Theoretical aspects of termination of immune tolerance by cross-reacting antigens

Abstract

This theory accounts for the main experimental findings concerned with the termination of tolerance by injection of cross-reacting antigens (CRA). It also accounts, in part, for related phenomena such as cross-tolerance, heterogeneity of antibody, innumerable antibody specificities, and auto-immunity induced by exposure to autologous antigens. It is based on the assumption that there is an interaction of antigen with immunocompetent cells (ICC) analogous to the interaction of antigen with antibody.
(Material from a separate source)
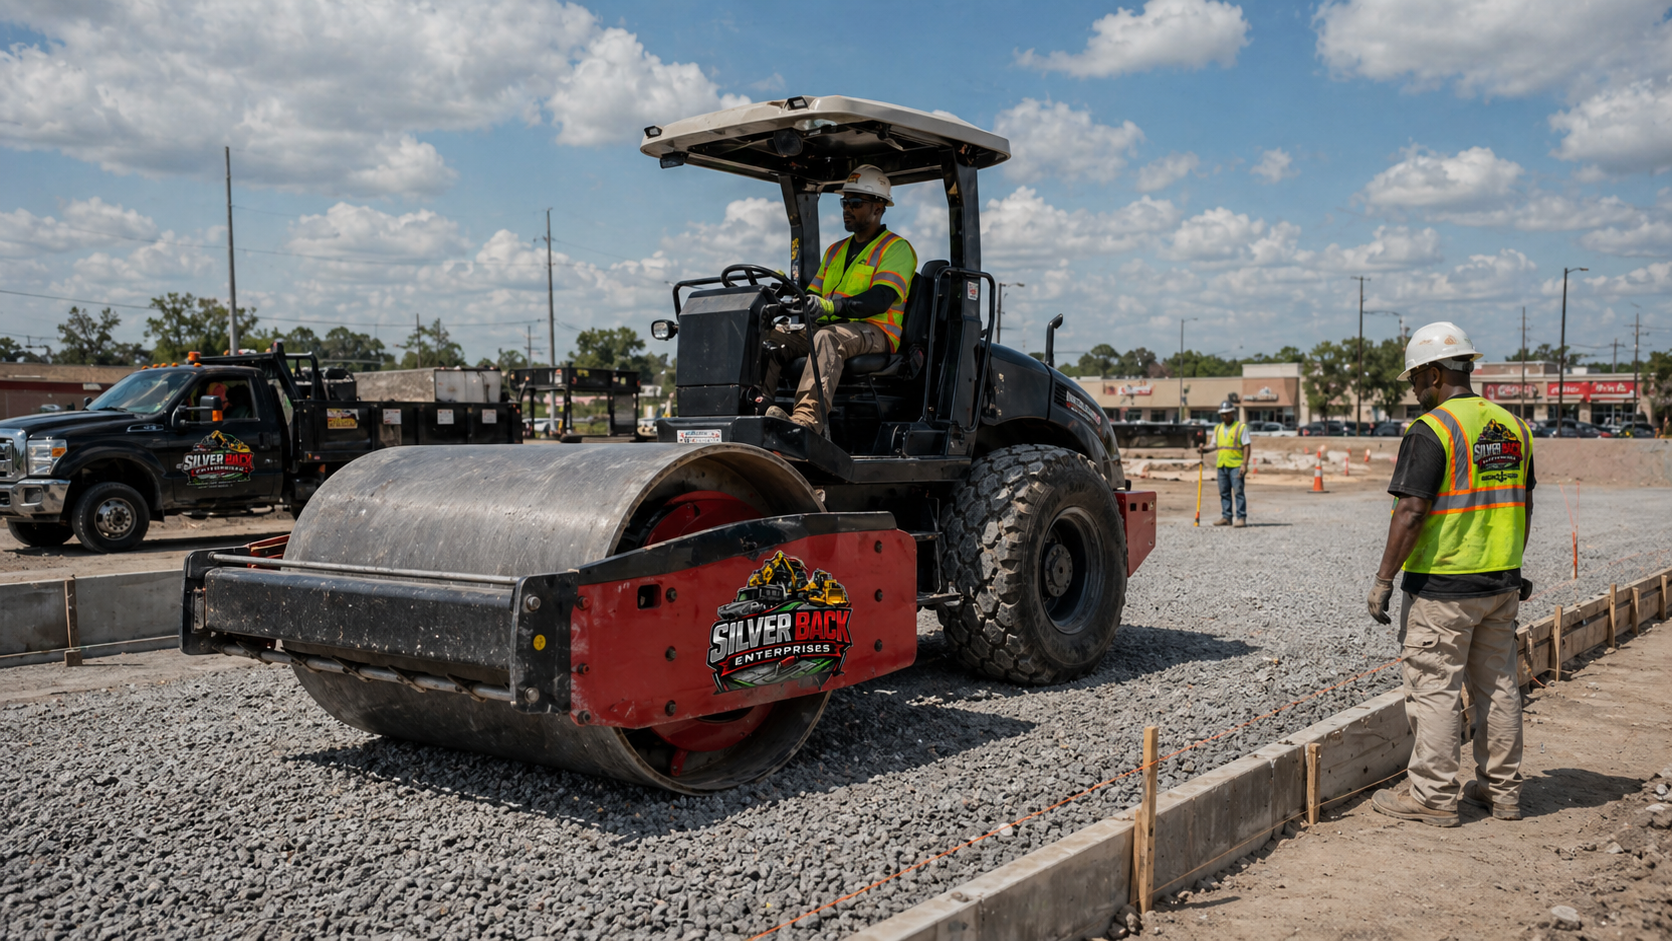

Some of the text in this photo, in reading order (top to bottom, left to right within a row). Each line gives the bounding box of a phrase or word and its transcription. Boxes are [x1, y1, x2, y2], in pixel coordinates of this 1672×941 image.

[183, 454, 223, 471] SILVER
[710, 610, 850, 663] SILVER BACK
[735, 644, 830, 666] ENTERPRISES
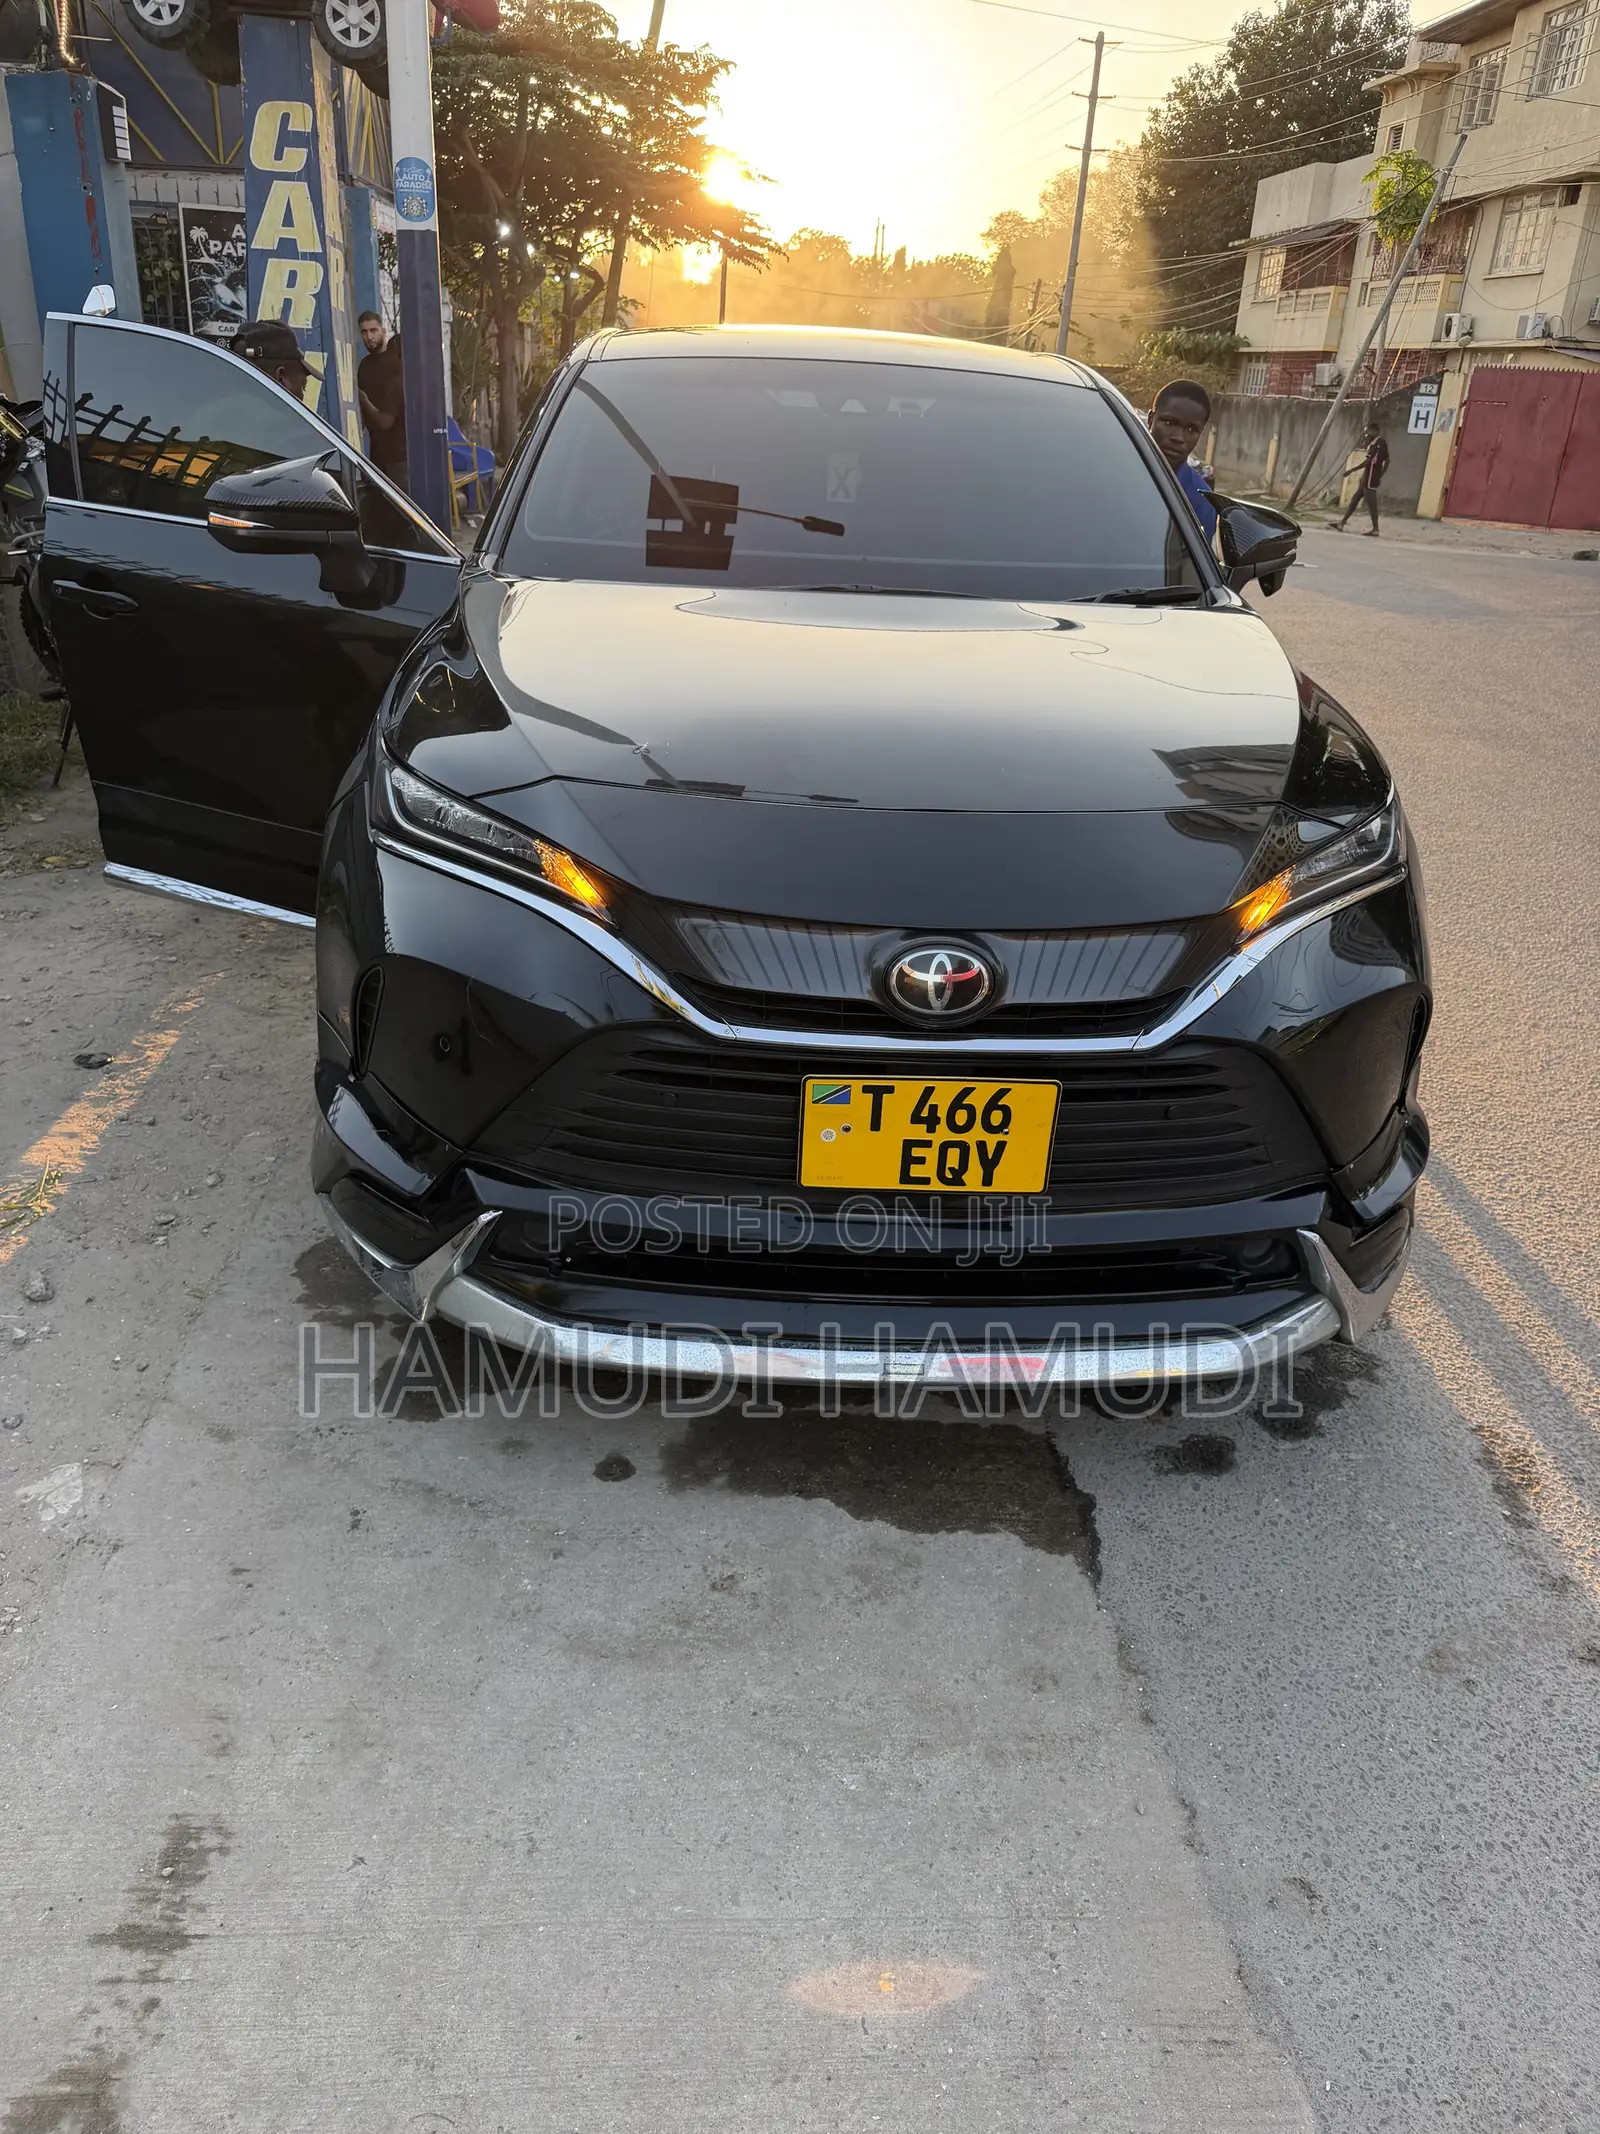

This is applied to teh concepts of complementary fit, reversibility, and cross-reactivity. it is assumed that the presence of immuno-competent cells capable of responding to both the tolerated and the cross-reacting antigens, but with a stronger affinity for the cross-reacting antigens, is essential tot he termination of tolerance by the latter antigens. The tolerated antigen will not produce a detectable response because the initial number of cells and the fraction of the specific immunocompetent cell population stimulated during each division period (the F-value) are too small for the generation of the minimal number of cells required for a detectable response. The cross-reacting antigen with a larger F-value will cause a larger increase in the number of early generation cells than the tolerated antigen. Tolerance will be terminated if this increase enabled the tolerated antigen to generate the minimal number of cells required for a detectable response. The assumption that identical determinants may cross-react with a variety of immunocompetent cell types (ICC-Spectrum) accounts for cross-tolerance. The assumption that operationally a single antibody is a molecular population which is the product of an ICC-Spectrum, can account for the heterogeneity of antibody, and for the fact that the number of different antibodies parallels the number of different antigens. Auto-immunity may result from the termination of natural tolerant states through conditions, e.g. antigen concentration, which increase the F-values of the autologous antigens.